Mariano se compadeció  de Evaristo del que  sabía no le gustaban los estruendos, ni los jaleos porque  siempre se quejaba del ruido en el bar de jubilados, pero claro —se justificaba Evaristo— con los nietos tenía que aguantar, porque de no hacerlo cualquiera soportaba a la parienta que a su vez decía de él   que era un cascarrabias.
 Aquellos tabiques  finos de vivienda de protección oficial y las conversaciones a voz en cuello de ritmo y tensión creciente debido al alcohol acumulado que de paso calentaba  las venas y los ánimos  a golpes de chupitos  y cubatas previos a la cena  le permitían a Mariano desde su morada el ser  un convidado de piedra. Reconocía por la voz a  Miriam  y Rafa  pero no a sus cónyuges y mucho menos a los nietos de los que ni siquiera se sabía el nombre cuando perdió la cuenta con el primero que se llamaba Juan y que era el que ahora mismo  le estaba atormentando con música heavy machacando sus tímpanos y, a juzgar por las voces que lanzaba  el abuelo, su sistema nervioso también a él.
Poco antes de las nueve, Mariano por el tintinear de la cubertería intuyó que  los vecinos cenaban.  Se escuchaba con cierta frecuencia decir: "Pasa la botella" y "Llena la copa", pero Mariano viendo la tele,  entre el discurso real,   que no tenía mucha  hambre y  un poco de pereza no se decía   a cenar.
De repente,  un golpe fuerte —como un puñetazo en la mesa—  acompañado de un improperio que hasta al deslenguado de Mariano,  curtido  en barras desportilladas  de bares cutres,  le escandalizó. Le pareció que era el yerno. El marido de la Miriam—pensó—.  Agudizó el oído como los conejos en  campo abierto. "Que no he probado  cigalas así, pero que os creéis, si sois unos muertos de hambre. Yo, éstas y mejores,  me las como cuando quiera", gritaba.
En ese momento, el nieto más pequeño se despertó y comenzó a llorar como un descosido y Miriam   gritó al marido: "Pero qué haces, subnormal, mira que susto  has dado al pequeño".
Rafa, el hermano de Miriam, —ofendido por el comentario despectivo de su cuñado que poco antes también le había soltado que era funcionario del ayuntamiento  porque era un enchufado y las oposiciones eran tan de paripé que hasta  las sacaría  un niño de primara—, le espetó: "Cállate, anda. Experto en cigalas. Esta casa tiene mucho más clase que la tuya"
El cuñado, dolido y encendido, siguió: "Di, pregúntale a tu padre, cuantos culos tuvo que lamer en el Ayuntamiento para colocarte. No  vengas dándote aires".
 La esposa del funcionario dio un sorbo a la cerveza  y se levantó diciendo: "Haya calma" y dirigiéndose al cuñado experto en cigalas le aconsejó: "Tranquilo, que tú llevas en esta familia menos tiempo.  Yo sí que he tenido que aguantar".

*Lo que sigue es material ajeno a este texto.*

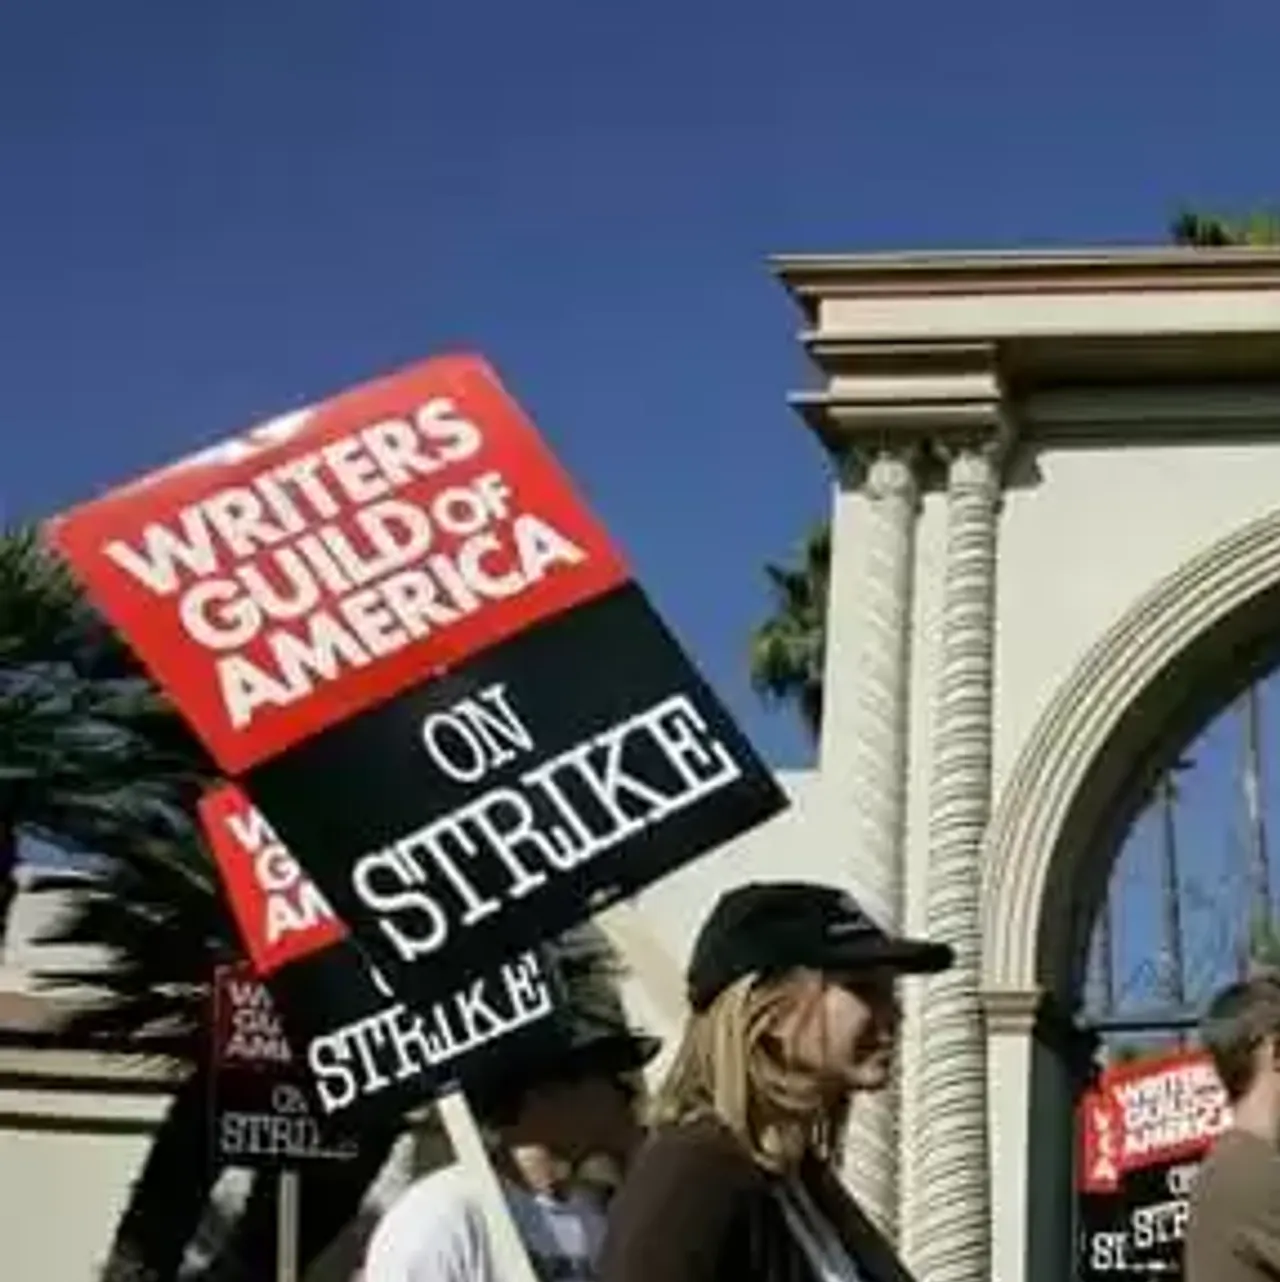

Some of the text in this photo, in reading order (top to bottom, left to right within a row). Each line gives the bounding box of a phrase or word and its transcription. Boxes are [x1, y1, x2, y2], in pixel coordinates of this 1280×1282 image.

[103, 397, 482, 594] WRITERS
[178, 472, 511, 652] GUILD OF
[211, 514, 586, 729] AMERICA
[423, 683, 536, 784] ON
[352, 694, 742, 962] STRIKE
[307, 951, 553, 1116] STRIKE
[219, 1110, 358, 1160] STRI
[1132, 1199, 1189, 1249] STR

—¿Aguantar?—intervino  Miriam— ¿Tú, aguantar?, ¿aguantar qué?  si  no eres más que una penca que ha tenido la suerte de trincar al tonto de mi hermano. Mírala, la que no hace nada y vive del cuento. ¡Abre los ojos Rafa, que pareces  alelado! Seguro que te habrá dicho que el tatuaje y el piercing que lleva  son para  ti.  ¡Que imbécil!
El nieto desconectó los auriculares y la voz de AC/DC se desparramó por  la sala. El abuelo, de un brinco, se levantó y  fuera de sí  estrelló el reproductor contra el  suelo. El nieto le zarandeó  y alguien indeterminado  dio tal pescozón al zagal que lo derribó y  una niebla de insultos, zarandeos y gritos se extendió por el salón de la familia de Evaristo y Marisa, mientras Rafa y su cuñado se liaban a golpes.

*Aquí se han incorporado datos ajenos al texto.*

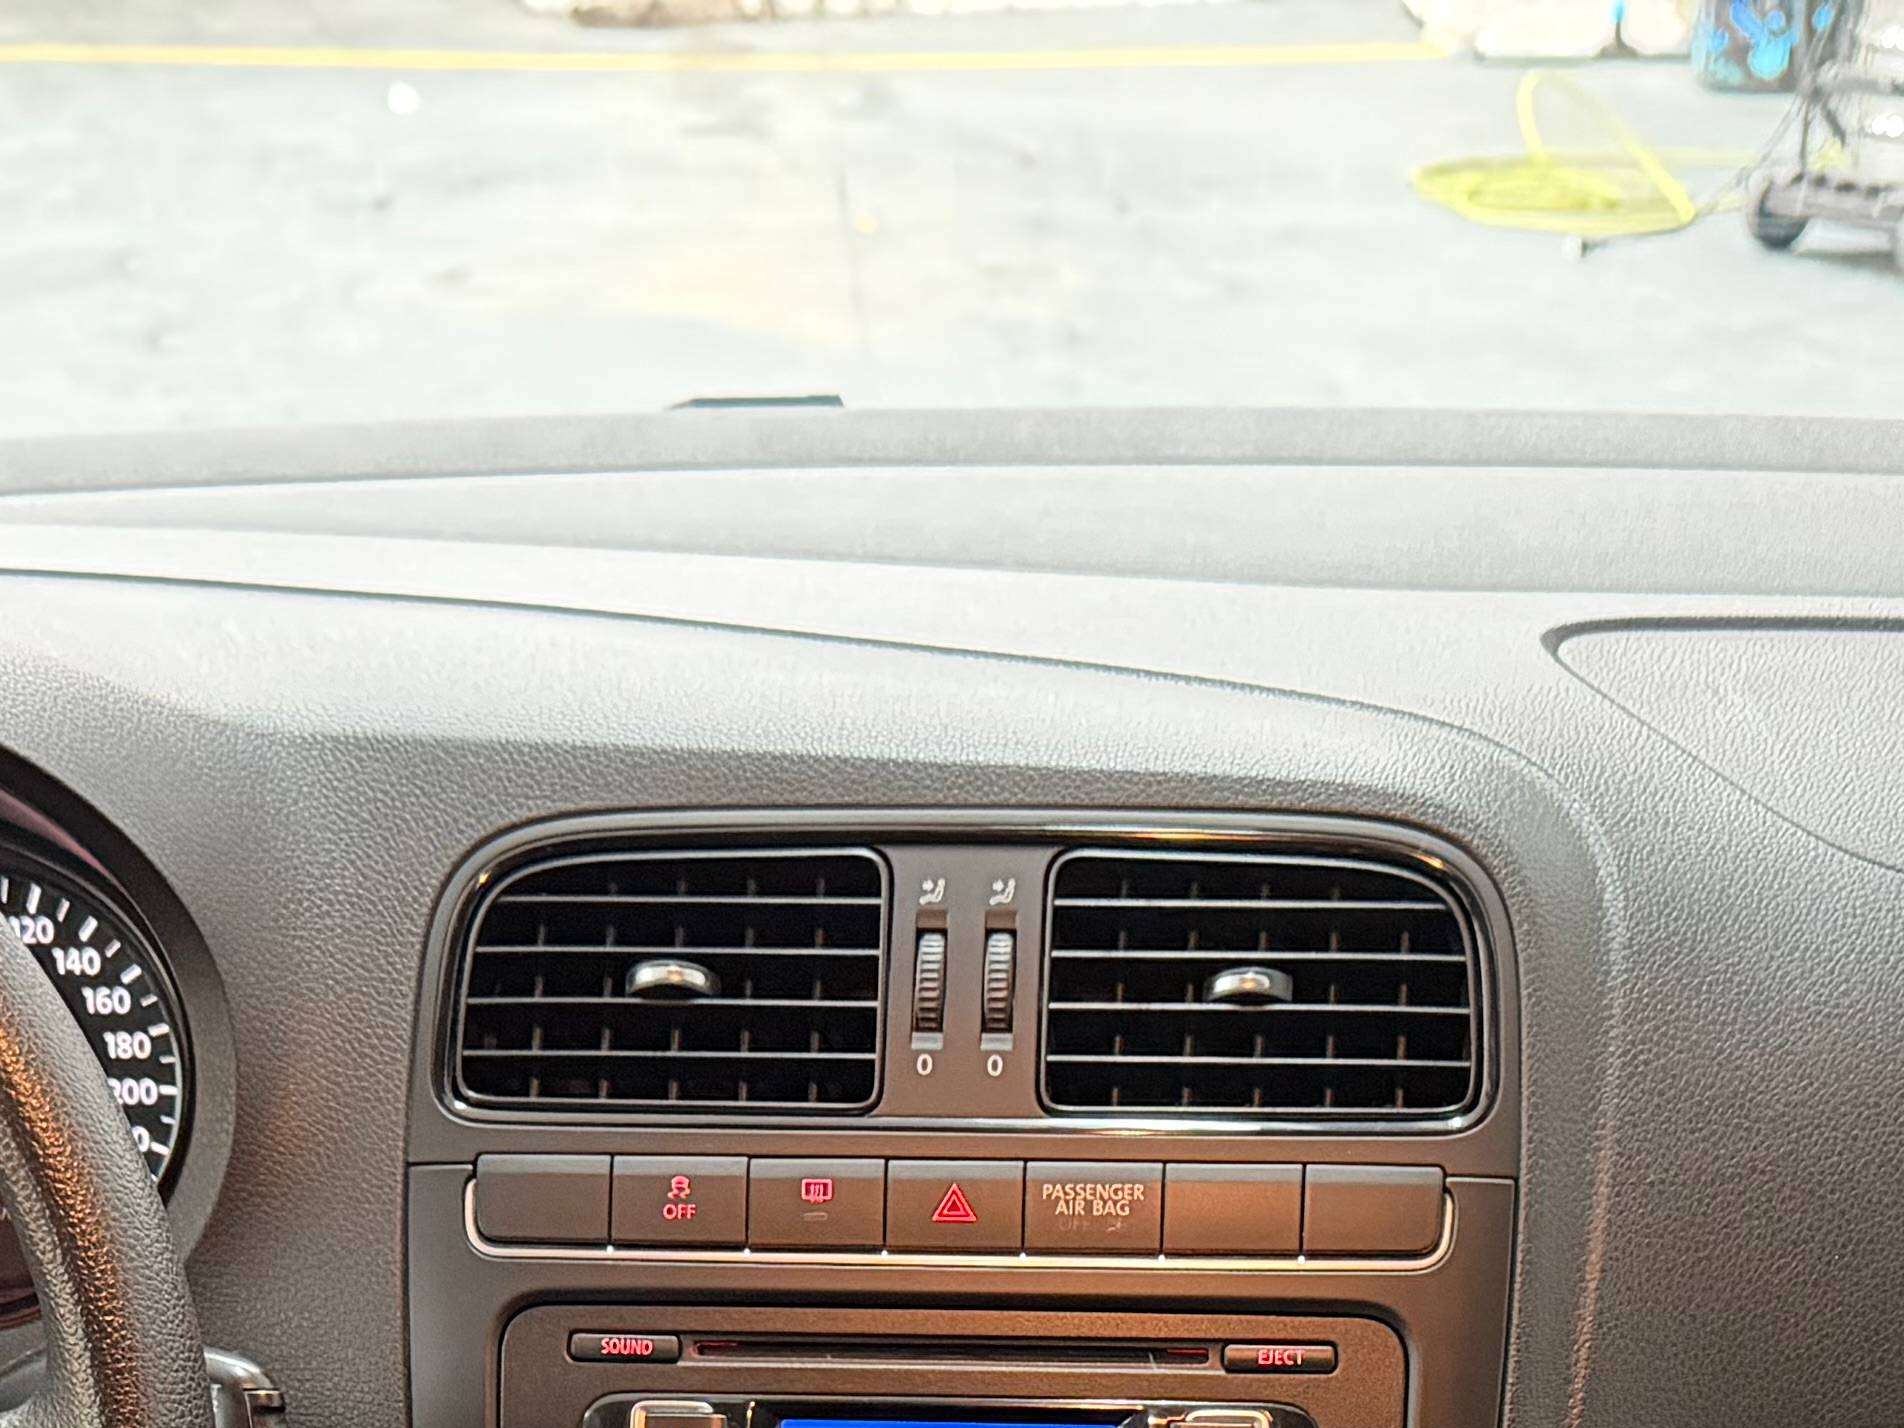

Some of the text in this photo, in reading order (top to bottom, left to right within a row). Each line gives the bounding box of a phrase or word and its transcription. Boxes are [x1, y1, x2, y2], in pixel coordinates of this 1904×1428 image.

[51, 946, 102, 977] 140
[81, 985, 132, 1015] 160
[103, 1030, 152, 1060] 180
[916, 1053, 933, 1076] 0
[987, 1054, 1003, 1077] 0
[1042, 1183, 1145, 1201] PASSENGER
[662, 1203, 697, 1220] OFF
[1055, 1200, 1130, 1217] AIR BAG
[600, 1338, 653, 1355] SOUND
[1257, 1349, 1306, 1366] EJECT

  Entonces  Mariano, alarmado, levantó el teléfono y cuando las últimas ráfagas de luz azul del coche policial se alejaron de su ventana se acordó de que aún no había cenado. Se dirigió con su andar achacoso  hacia el frigorífico   y abrió su paquete de jamón que colocó con esmero en un plato  de cerámica blanca desportillado acompañado de  una copa de vino tinto que, aun no siendo bueno y estando solo,  le supo a gloria.